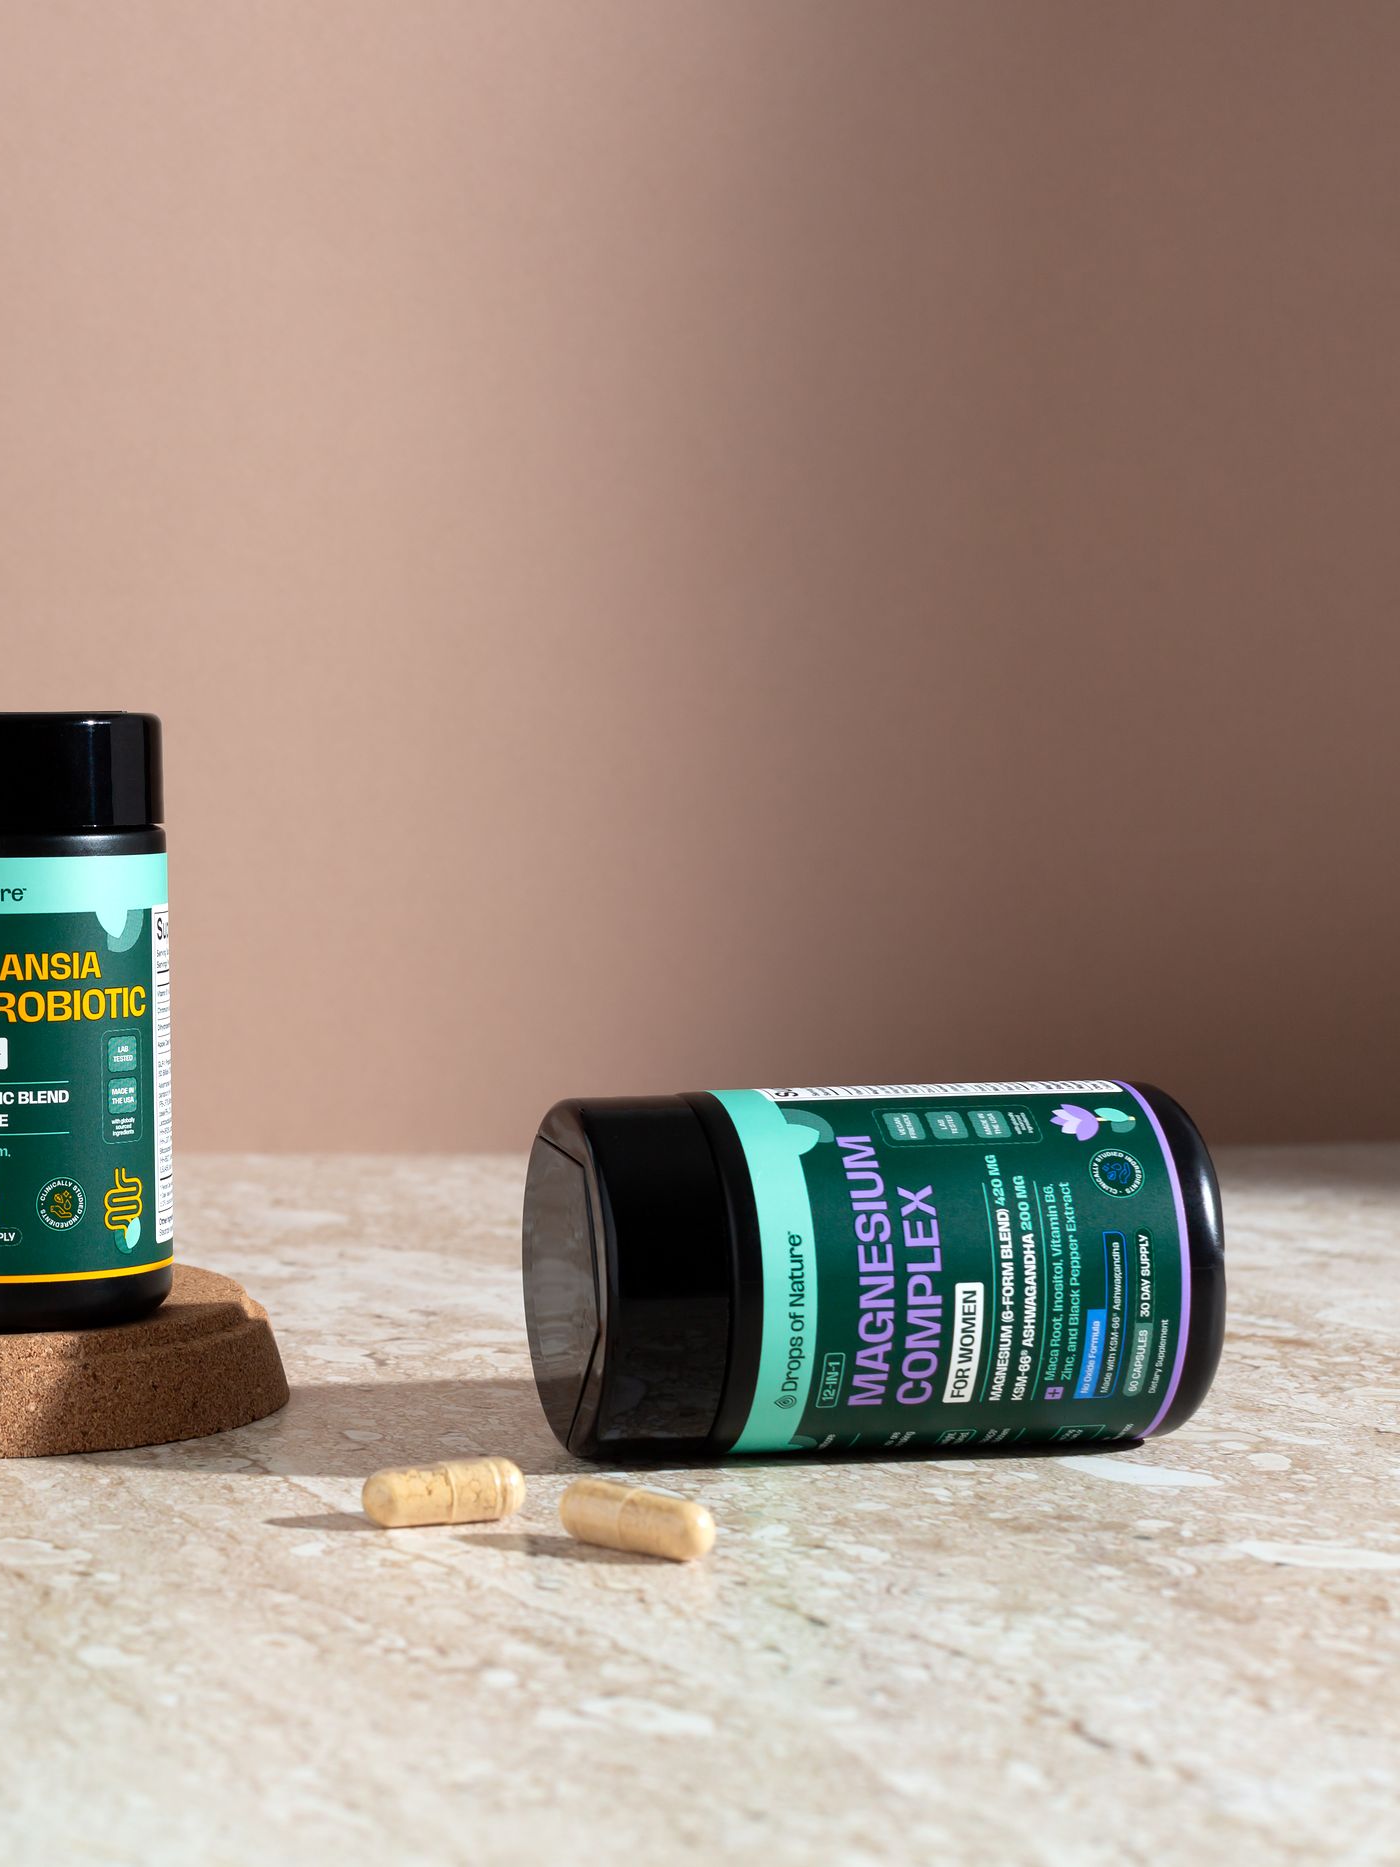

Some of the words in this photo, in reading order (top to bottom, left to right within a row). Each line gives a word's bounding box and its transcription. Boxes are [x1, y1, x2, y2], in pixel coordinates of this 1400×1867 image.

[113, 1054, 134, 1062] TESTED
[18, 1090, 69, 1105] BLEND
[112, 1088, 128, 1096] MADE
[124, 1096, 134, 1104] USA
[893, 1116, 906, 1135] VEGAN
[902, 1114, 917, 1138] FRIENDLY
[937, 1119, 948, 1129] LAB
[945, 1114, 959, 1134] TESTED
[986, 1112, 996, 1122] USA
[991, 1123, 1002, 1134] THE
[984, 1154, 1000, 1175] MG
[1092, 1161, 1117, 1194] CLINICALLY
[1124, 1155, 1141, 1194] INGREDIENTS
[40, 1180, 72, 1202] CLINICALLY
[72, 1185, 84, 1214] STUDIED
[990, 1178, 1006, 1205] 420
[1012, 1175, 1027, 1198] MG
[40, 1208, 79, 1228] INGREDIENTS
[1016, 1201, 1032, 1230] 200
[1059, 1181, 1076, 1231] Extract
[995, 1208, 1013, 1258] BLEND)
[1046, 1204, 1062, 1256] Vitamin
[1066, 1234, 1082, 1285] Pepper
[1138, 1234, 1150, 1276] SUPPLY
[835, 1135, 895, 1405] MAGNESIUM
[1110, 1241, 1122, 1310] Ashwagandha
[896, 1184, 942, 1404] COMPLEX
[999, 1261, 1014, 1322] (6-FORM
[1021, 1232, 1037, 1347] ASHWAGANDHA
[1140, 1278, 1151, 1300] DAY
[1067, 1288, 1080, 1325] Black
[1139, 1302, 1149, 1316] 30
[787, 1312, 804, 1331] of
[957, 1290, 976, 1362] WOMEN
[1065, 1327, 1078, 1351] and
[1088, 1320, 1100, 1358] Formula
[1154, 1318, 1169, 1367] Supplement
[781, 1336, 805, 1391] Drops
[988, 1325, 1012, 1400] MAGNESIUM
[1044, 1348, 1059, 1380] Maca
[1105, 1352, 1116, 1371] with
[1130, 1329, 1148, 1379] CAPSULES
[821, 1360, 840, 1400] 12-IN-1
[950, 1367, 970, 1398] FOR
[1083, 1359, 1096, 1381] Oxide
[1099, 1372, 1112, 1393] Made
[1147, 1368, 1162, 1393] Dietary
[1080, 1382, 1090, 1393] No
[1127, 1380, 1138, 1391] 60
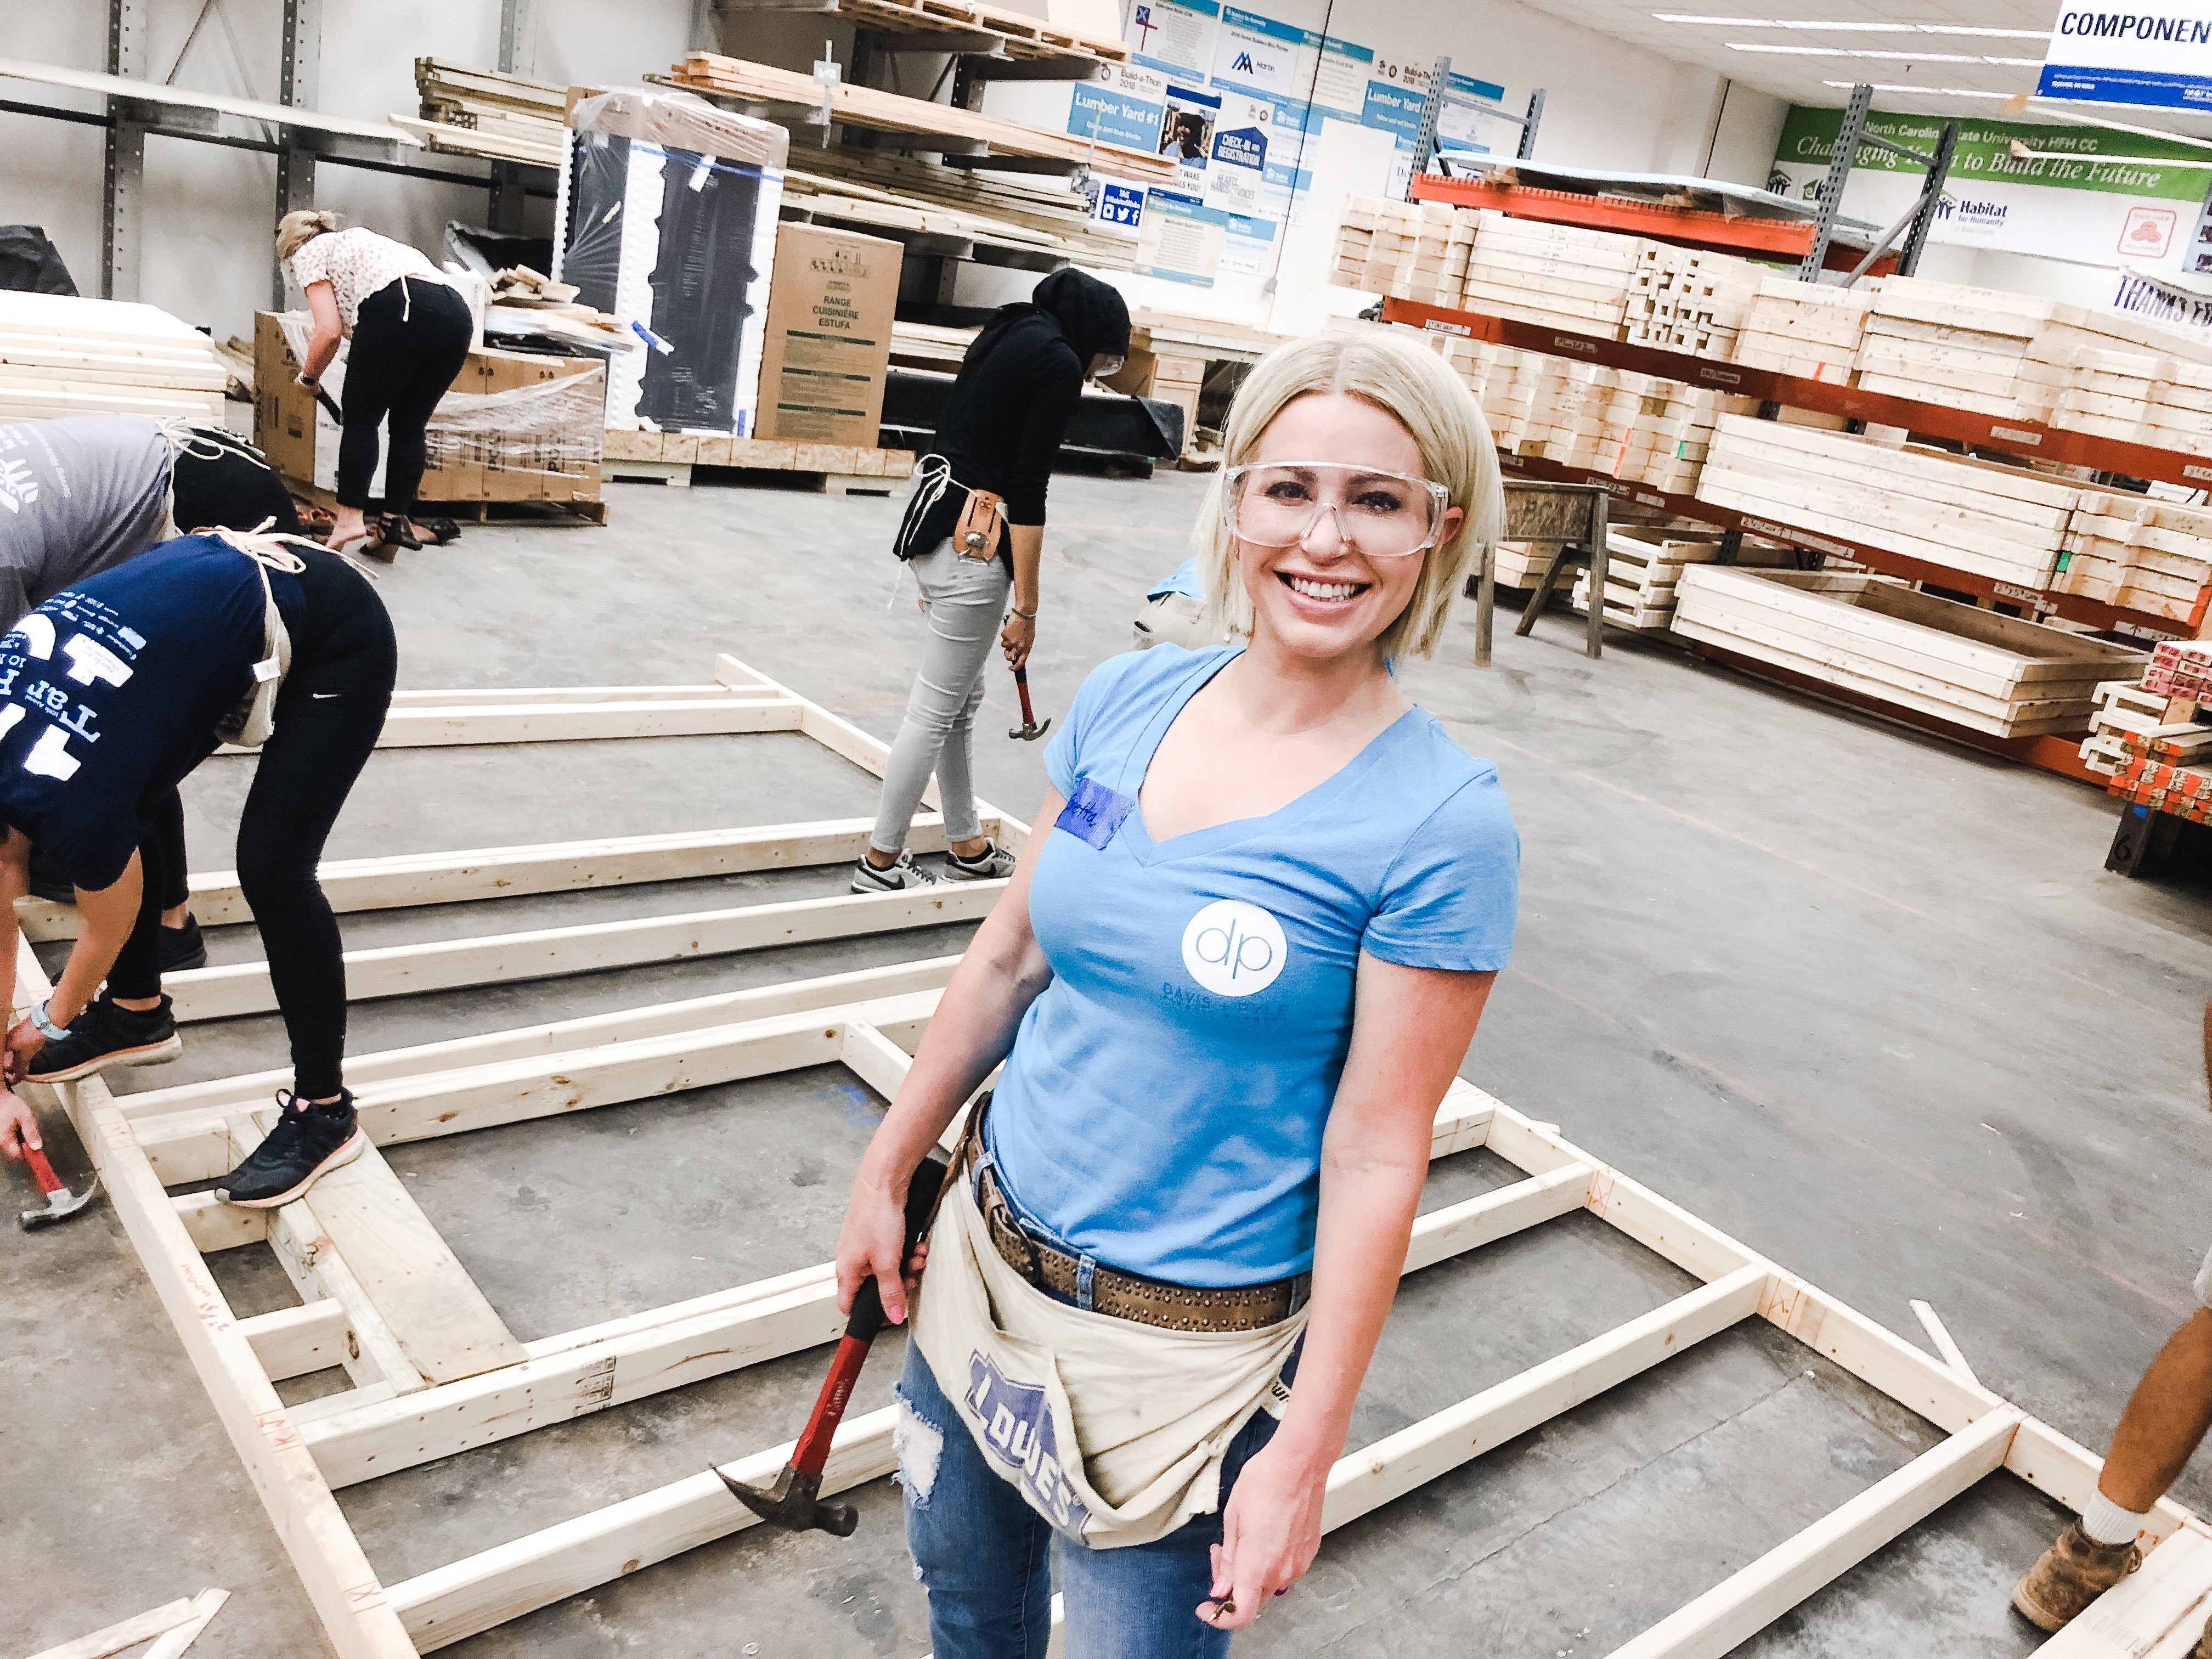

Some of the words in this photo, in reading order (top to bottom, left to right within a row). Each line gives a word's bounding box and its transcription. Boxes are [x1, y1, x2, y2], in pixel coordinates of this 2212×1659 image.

- - -

Everything in the listing except the pictures must be reproduced exactly.

** ANSWER TO THE EXERCISE **
Some of the words in this photo, in reading order (top to bottom, left to right within a row). Each line gives a word's bounding box and its transcription. Boxes are [x1, y1, x2, y2], in pixel coordinates of this 1400×1867 image.

[113, 1054, 134, 1062] TESTED
[18, 1090, 69, 1105] BLEND
[112, 1088, 128, 1096] MADE
[124, 1096, 134, 1104] USA
[893, 1116, 906, 1135] VEGAN
[902, 1114, 917, 1138] FRIENDLY
[937, 1119, 948, 1129] LAB
[945, 1114, 959, 1134] TESTED
[986, 1112, 996, 1122] USA
[991, 1123, 1002, 1134] THE
[984, 1154, 1000, 1175] MG
[1092, 1161, 1117, 1194] CLINICALLY
[1124, 1155, 1141, 1194] INGREDIENTS
[40, 1180, 72, 1202] CLINICALLY
[72, 1185, 84, 1214] STUDIED
[990, 1178, 1006, 1205] 420
[1012, 1175, 1027, 1198] MG
[40, 1208, 79, 1228] INGREDIENTS
[1016, 1201, 1032, 1230] 200
[1059, 1181, 1076, 1231] Extract
[995, 1208, 1013, 1258] BLEND)
[1046, 1204, 1062, 1256] Vitamin
[1066, 1234, 1082, 1285] Pepper
[1138, 1234, 1150, 1276] SUPPLY
[835, 1135, 895, 1405] MAGNESIUM
[1110, 1241, 1122, 1310] Ashwagandha
[896, 1184, 942, 1404] COMPLEX
[999, 1261, 1014, 1322] (6-FORM
[1021, 1232, 1037, 1347] ASHWAGANDHA
[1140, 1278, 1151, 1300] DAY
[1067, 1288, 1080, 1325] Black
[1139, 1302, 1149, 1316] 30
[787, 1312, 804, 1331] of
[957, 1290, 976, 1362] WOMEN
[1065, 1327, 1078, 1351] and
[1088, 1320, 1100, 1358] Formula
[1154, 1318, 1169, 1367] Supplement
[781, 1336, 805, 1391] Drops
[988, 1325, 1012, 1400] MAGNESIUM
[1044, 1348, 1059, 1380] Maca
[1105, 1352, 1116, 1371] with
[1130, 1329, 1148, 1379] CAPSULES
[821, 1360, 840, 1400] 12-IN-1
[950, 1367, 970, 1398] FOR
[1083, 1359, 1096, 1381] Oxide
[1099, 1372, 1112, 1393] Made
[1147, 1368, 1162, 1393] Dietary
[1080, 1382, 1090, 1393] No
[1127, 1380, 1138, 1391] 60

Some of the words in this photo, in reading order (top to bottom, left to right within a row). Each line gives a word's bounding box and its transcription. Boxes are [x1, y1, x2, y2], in pixel coordinates of this 2212×1659 image.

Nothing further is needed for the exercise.